An author on the Establishment that I found inluential in my early thinking on the subject -- in my late 20s -- is Ferdinand Lundberg. The Wikipedia piece summarizes his views accurately in saying that he describes the US as an oligarchy run by prominent families, inclding Rockefellers and Hearsts, although the influence of such families (as in the case of the Hearsts, who appeared almost comically feckless by the 1970s kidnapping of Patricia) waxes and wanes, and his 1937 America's 60 Families never listed precisely which those 60 families were.
My experience at an elite university, though (not Harvard), turned my thinking to examine influences reflected by another conspiracy theorist, Theodore Kaczynski, who many commentators have suggested was influenced by his experience at Harvard:
During Kaczynski’s sophomore year at Harvard, in 1959, he was recruited for a psychological experiment that, unbeknownst to him, would last three years. . . . The Harvard study aimed at psychic deconstruction by humiliating undergraduates and thereby causing them to experience severe stress. Kaczynski’s anti-technological fixation and his critique itself had some roots in the Harvard curriculum, which emphasized the supposed objectivity of science compared with the subjectivity of ethics.The fact was that by the time I left formal academic training, I had definitely been psychically deconstructed, and it took me several years to get my bearings.

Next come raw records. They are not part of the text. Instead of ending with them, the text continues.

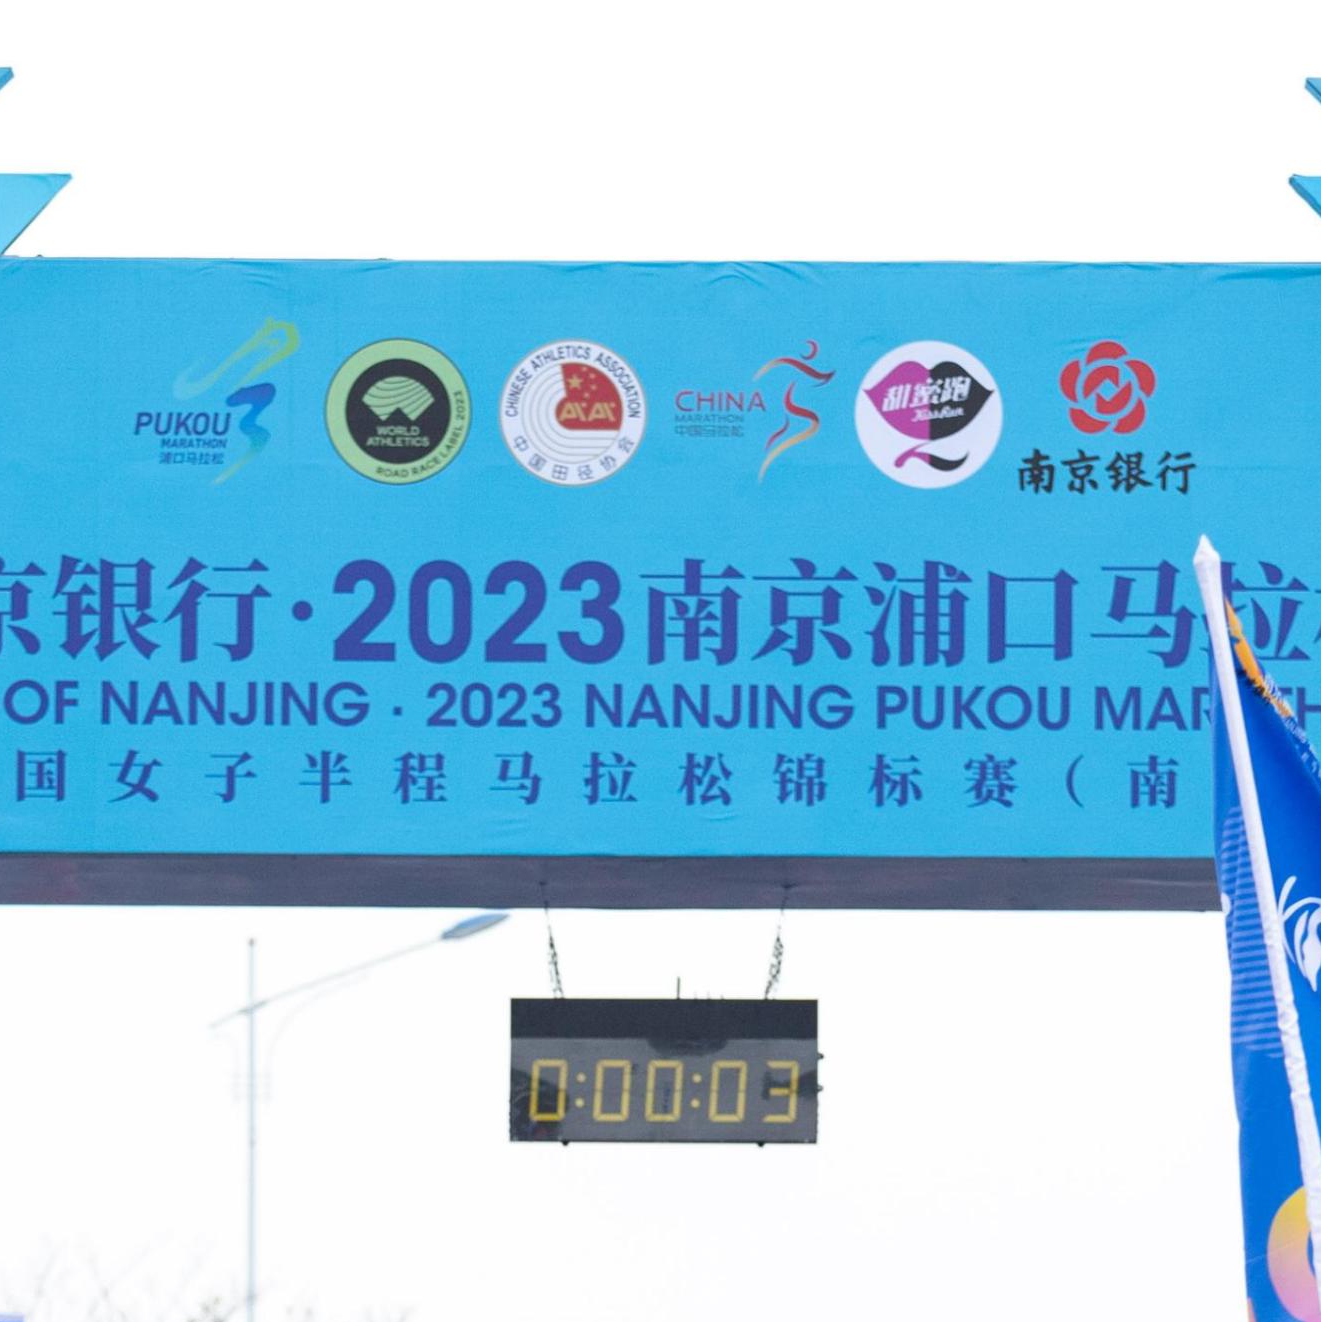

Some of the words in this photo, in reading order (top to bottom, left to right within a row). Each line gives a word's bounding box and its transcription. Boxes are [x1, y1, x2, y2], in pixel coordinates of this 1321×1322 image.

[505, 367, 532, 418] CHINESE
[531, 345, 591, 372] ATHLETICS
[594, 351, 642, 419] ASSOCIATION
[674, 415, 745, 424] MARATHON
[675, 390, 766, 412] CHINA
[133, 410, 232, 437] PUKOU
[376, 426, 420, 436] WORLD
[160, 438, 229, 450] MARATHON
[365, 437, 430, 448] ATHLETICS
[375, 464, 410, 479] ROAD
[411, 456, 441, 478] RACE
[441, 424, 465, 464] LABEL
[514, 434, 635, 481] 中国田径协会
[1018, 447, 1197, 496] 南京银行
[3, 678, 80, 725] OF
[100, 679, 370, 727] NANJING
[426, 681, 563, 729] 2023
[584, 683, 855, 731] NANJING
[878, 684, 1071, 731] PUKOU
[529, 1059, 799, 1123] 0:00:03
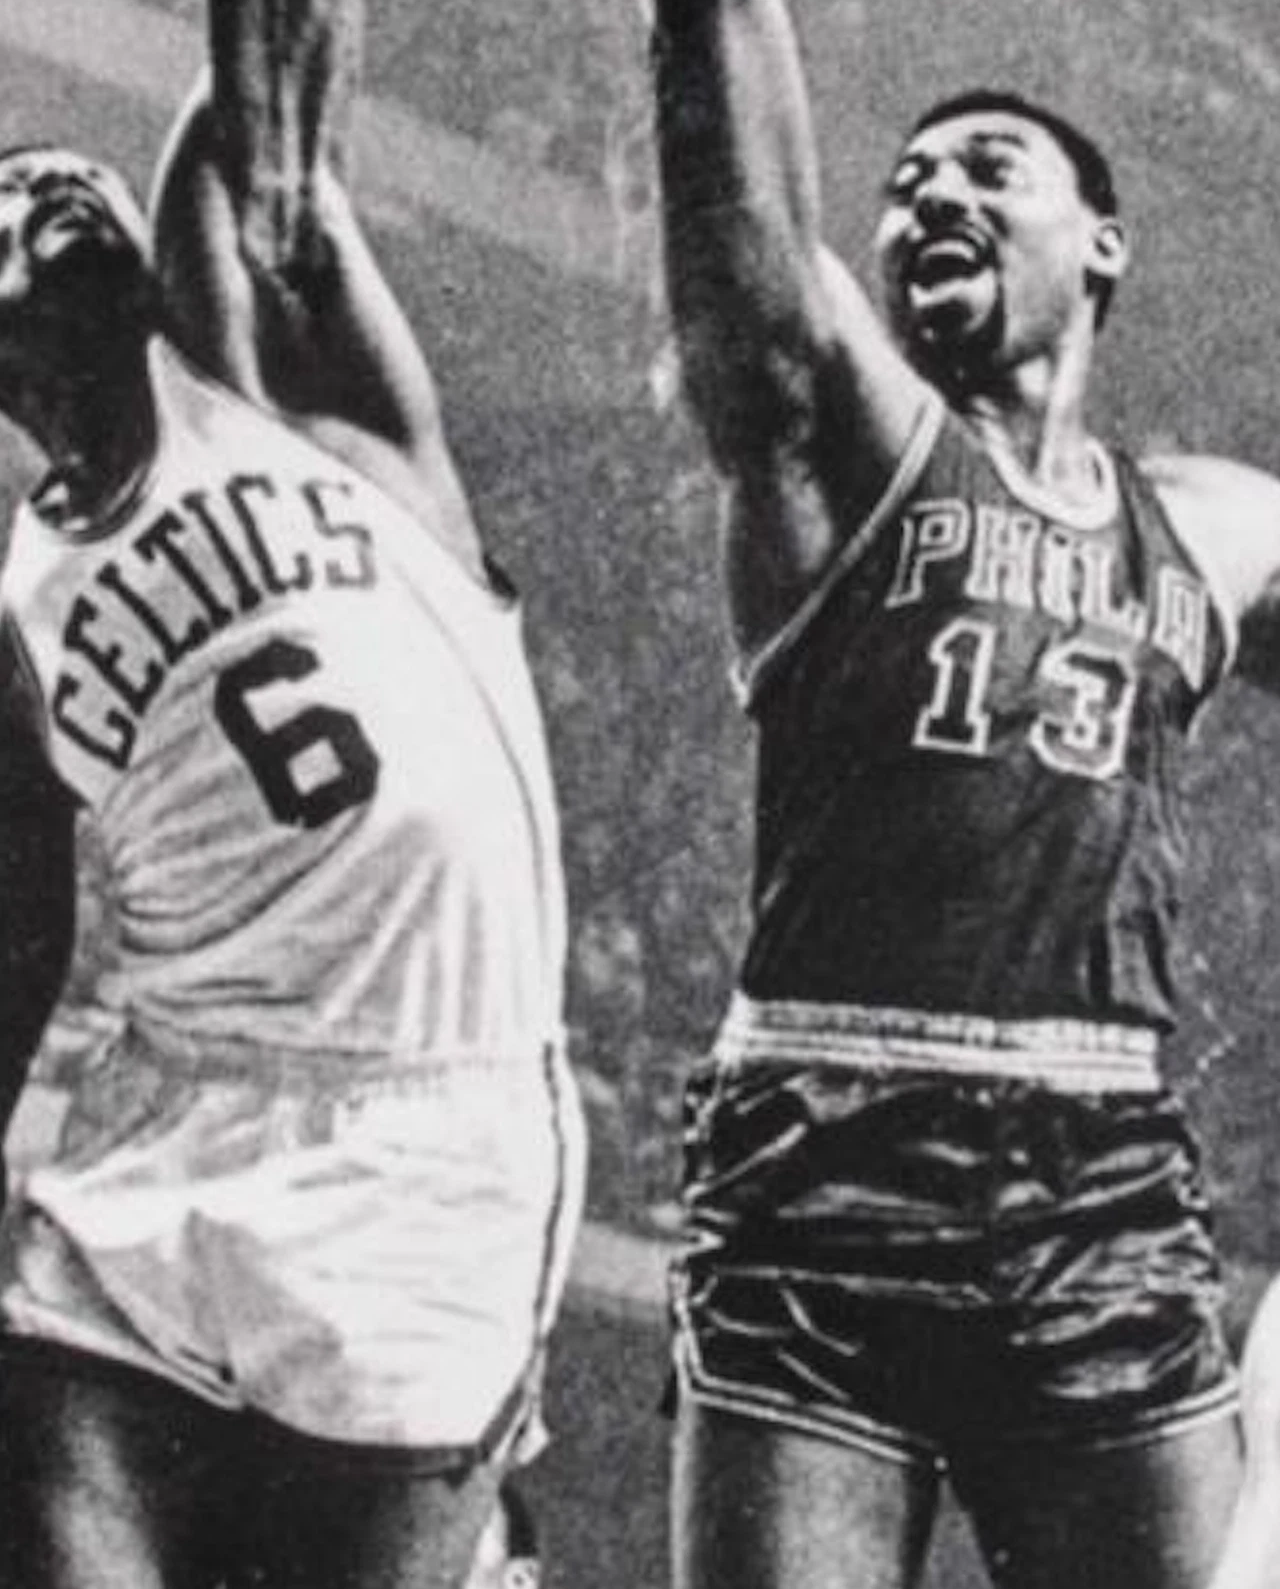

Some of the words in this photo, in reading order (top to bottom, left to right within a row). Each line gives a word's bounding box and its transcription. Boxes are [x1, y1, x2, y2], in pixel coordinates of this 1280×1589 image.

[51, 473, 377, 772] CELTICS
[911, 616, 1138, 782] 13
[213, 634, 382, 830] 6
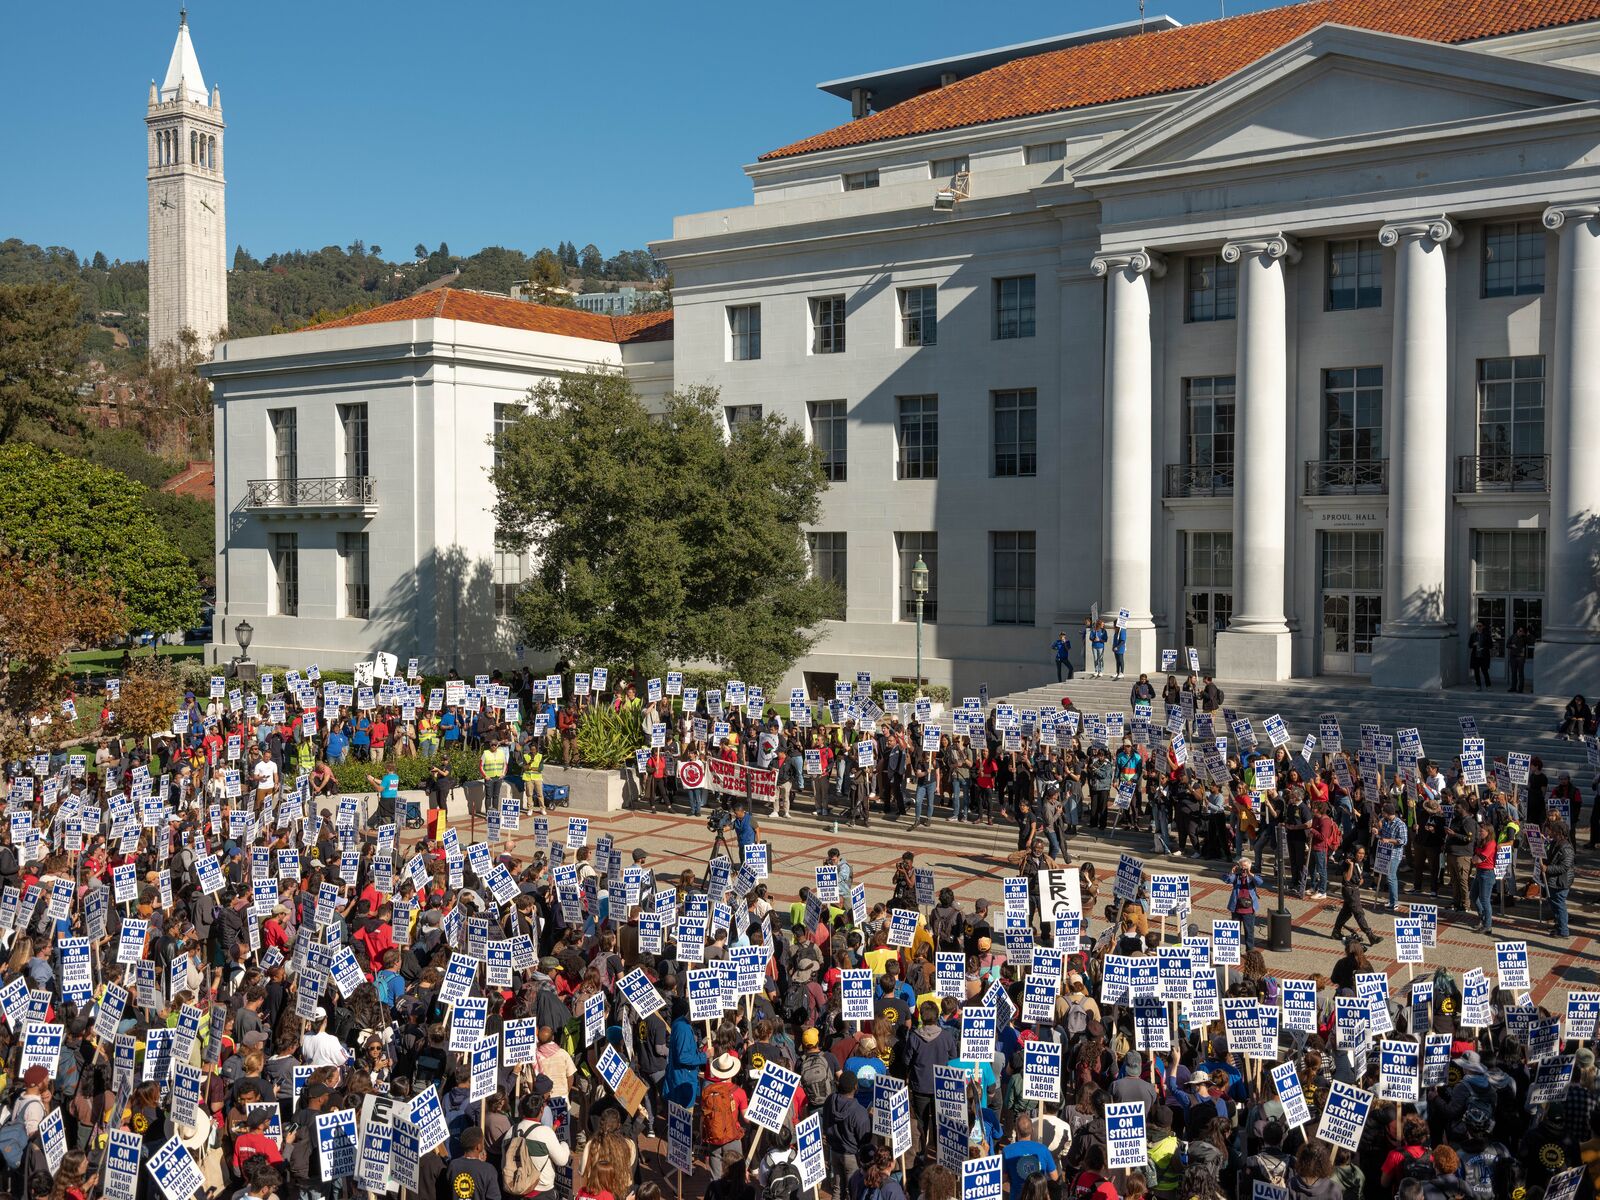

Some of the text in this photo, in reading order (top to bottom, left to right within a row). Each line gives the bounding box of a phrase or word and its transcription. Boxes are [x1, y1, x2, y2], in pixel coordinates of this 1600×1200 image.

[115, 865, 134, 874] UAW
[124, 920, 146, 928] UAW
[680, 918, 704, 927] UAW
[1214, 921, 1238, 929] UAW
[121, 936, 144, 944] STRIKE
[679, 934, 703, 943] STRIKE
[1159, 948, 1189, 957] UAW
[1497, 943, 1525, 951] UAW
[1499, 961, 1527, 969] STRIKE
[688, 970, 717, 981] UAW
[1160, 969, 1190, 977] STRIKE
[698, 981, 710, 989] ON
[690, 988, 719, 999] STRIKE
[843, 989, 872, 998] STRIKE
[695, 997, 717, 1006] UNFAIR
[696, 1003, 716, 1011] LABOR
[1135, 998, 1166, 1006] UAW
[1224, 999, 1257, 1008] UAW
[692, 1008, 721, 1019] PRACTICE
[964, 1008, 995, 1017] UAW
[1145, 1009, 1158, 1017] ON
[506, 1019, 534, 1030] UAW
[1137, 1018, 1167, 1026] STRIKE
[1227, 1019, 1258, 1028] STRIKE
[515, 1029, 526, 1037] ON
[964, 1029, 994, 1037] STRIKE
[473, 1036, 497, 1052] UAW
[506, 1036, 534, 1046] STRIKE
[1229, 1042, 1260, 1050] PRACTICE
[509, 1044, 531, 1053] UNFAIR
[1026, 1042, 1060, 1054] UAW
[1382, 1042, 1417, 1054] UAW
[480, 1050, 490, 1061] ON
[510, 1050, 530, 1058] LABOR
[962, 1052, 993, 1060] PRACTICE
[1393, 1055, 1407, 1064] ON
[505, 1056, 535, 1065] PRACTICE
[1036, 1055, 1050, 1065] ON
[473, 1058, 496, 1075] STRIKE
[1026, 1064, 1059, 1076] STRIKE
[1382, 1064, 1417, 1076] STRIKE
[475, 1069, 494, 1083] UNFAIR
[764, 1063, 798, 1085] UAW
[1029, 1075, 1055, 1084] UNFAIR
[1386, 1075, 1413, 1084] UNFAIR
[476, 1077, 492, 1090] LABOR
[770, 1079, 785, 1092] ON
[1031, 1082, 1053, 1091] LABOR
[1387, 1083, 1411, 1091] LABOR
[471, 1083, 496, 1099] PRACTICE
[756, 1084, 790, 1107] STRIKE
[1025, 1089, 1058, 1099] PRACTICE
[1332, 1083, 1371, 1103] UAW
[1380, 1089, 1417, 1099] PRACTICE
[756, 1096, 782, 1114] UNFAIR
[1107, 1104, 1142, 1116] UAW
[1340, 1098, 1357, 1111] ON
[755, 1104, 778, 1120] LABOR
[1326, 1104, 1364, 1125] STRIKE
[747, 1108, 780, 1130] PRACTICE
[1119, 1118, 1133, 1127] ON
[1328, 1115, 1357, 1132] UNFAIR
[394, 1117, 418, 1138] UAW
[1327, 1123, 1353, 1138] LABOR
[1109, 1127, 1144, 1140] STRIKE
[1319, 1128, 1356, 1148] PRACTICE
[111, 1131, 141, 1148] UAW
[401, 1134, 411, 1148] ON
[1113, 1139, 1141, 1149] UNFAIR
[118, 1148, 131, 1160] ON
[393, 1142, 418, 1163] STRIKE
[1115, 1148, 1140, 1157] LABOR
[108, 1157, 138, 1174] STRIKE
[396, 1155, 415, 1172] UNFAIR
[1110, 1155, 1146, 1166] PRACTICE
[396, 1164, 413, 1179] LABOR
[110, 1171, 133, 1184] UNFAIR
[392, 1170, 417, 1190] PRACTICE
[111, 1180, 131, 1192] LABOR
[104, 1187, 135, 1200] PRACTICE

I remember at some point in the process realizing that, no matter what one might say about conventional religious belief, things seemed to go better in my life when I went to church on Sundays. So that was something I gradually resumed. Although my parents had sent me to Presbyterian Sunday school, by the time I left for college, they'd become Episcopalians, and having studied Trollope in English class, I decided TEC might be the best choise.
I was also trying to make another run at stability, the elite-school deconstruction I'd undergone not having provided this the first time around. Beyond that, in the process of resuming church attendance, I found myself going to mass at St Thomas Episcopal New York while on a work assignment there, a Ralph Adams Cram commission, the site of many Harriman family funerals, and no doubt financed by both the Morgan and Harriman families. So once I retuned to LA, I began to get involved at an equivalent TEC parish here.